A few minutes of watching made her toss out that last possibility. The Foitani of long ago had definitely been in the habit of killing off races that proved obstreperous. They did not bother to hide or even to go out of the way to justify genocide; they simply went about it, with second thoughts as few and far between as if they were swatting flies.
"Can you stop the tape for a moment?" Jennifer said. Dargnil Dargnil Lin could. Jennifer asked him, "Would your people act that way again if you were strong enough?"
"Probably," he said. "We have not reached the heights the Great Ones achieved, however, and races such as your own appear more potent than any they faced. Thus we have had to begin to learn to treat with other species rather than simply rolling over them.
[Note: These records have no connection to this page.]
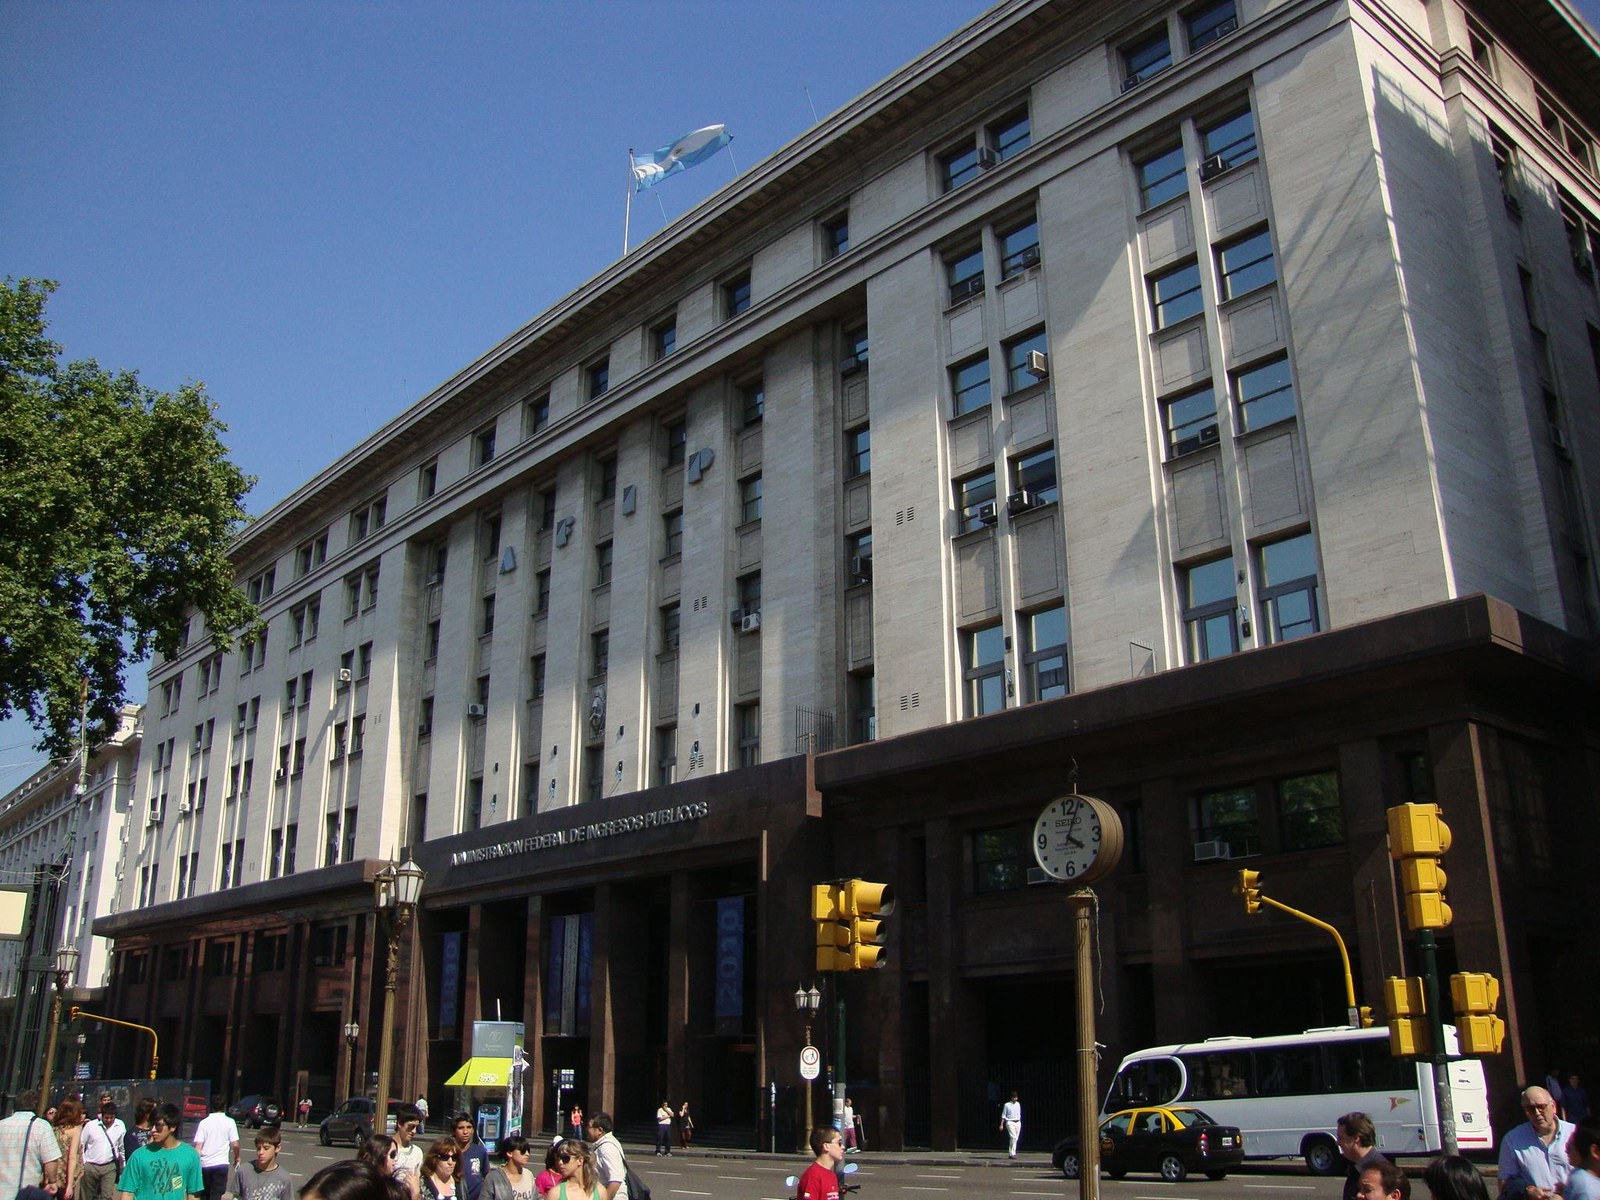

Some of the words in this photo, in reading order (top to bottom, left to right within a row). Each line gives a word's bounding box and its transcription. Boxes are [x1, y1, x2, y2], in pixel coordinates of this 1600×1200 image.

[1060, 799, 1075, 816] 12
[1055, 817, 1082, 828] SEIKO
[450, 839, 524, 866] ADMINISTRACION
[524, 831, 568, 852] FEDERAL
[569, 826, 585, 843] DE
[586, 814, 644, 840] INGRESOS
[1038, 833, 1047, 849] 9
[1091, 825, 1101, 842] 3
[1065, 860, 1075, 877] 6
It is not easy for us."
Jennifer bit back the sardonic retort that automatically came to mind. The Foitani could not help being what they were. Expecting aliens to act like humans was the easiest way for a trader to get into trouble. Moreover, mankind could not boast a spotless record among the stars, though humans had perpetrated their worst acts of savagery on themselves.
The same seemed true of the Foitani. The screen Jennifer was watching suddenly turned a dazzling white. She staggered back, hands to her eyes, as if caught by the blast of a real explosion. When she looked again, a phrase in the Foitani written language filled the screen. "The Suicide Wars," Dargnil Dargnil Lin read for her.
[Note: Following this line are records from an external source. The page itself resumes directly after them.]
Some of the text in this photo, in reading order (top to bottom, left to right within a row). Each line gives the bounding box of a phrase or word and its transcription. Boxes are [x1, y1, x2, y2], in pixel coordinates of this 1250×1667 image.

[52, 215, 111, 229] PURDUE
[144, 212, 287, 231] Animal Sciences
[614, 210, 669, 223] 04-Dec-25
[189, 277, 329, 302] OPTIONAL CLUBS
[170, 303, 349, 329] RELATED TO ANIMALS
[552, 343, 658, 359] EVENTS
"I'd suspected that, yes," Jennifer murmured. Far more rapidly than it had grown, the Foitani empire crumbled. Most of the stars that had filled the holovid map went dark. A handful, scattered at random across two or three thousand light-years, kept glowing red. An even smaller handful burned with a yellow light.
"Those yellow dots are the worlds of our species that have relearned starflight," Dargnil Dargnil Lin said. "On the red, Foitani also survive, but in a state of savagery."
"But why did it happen?" Jennifer asked. "What made you fight like that?" The tape hadn't offered a clue; its narration merely recorded the event without analyzing what had brought it on.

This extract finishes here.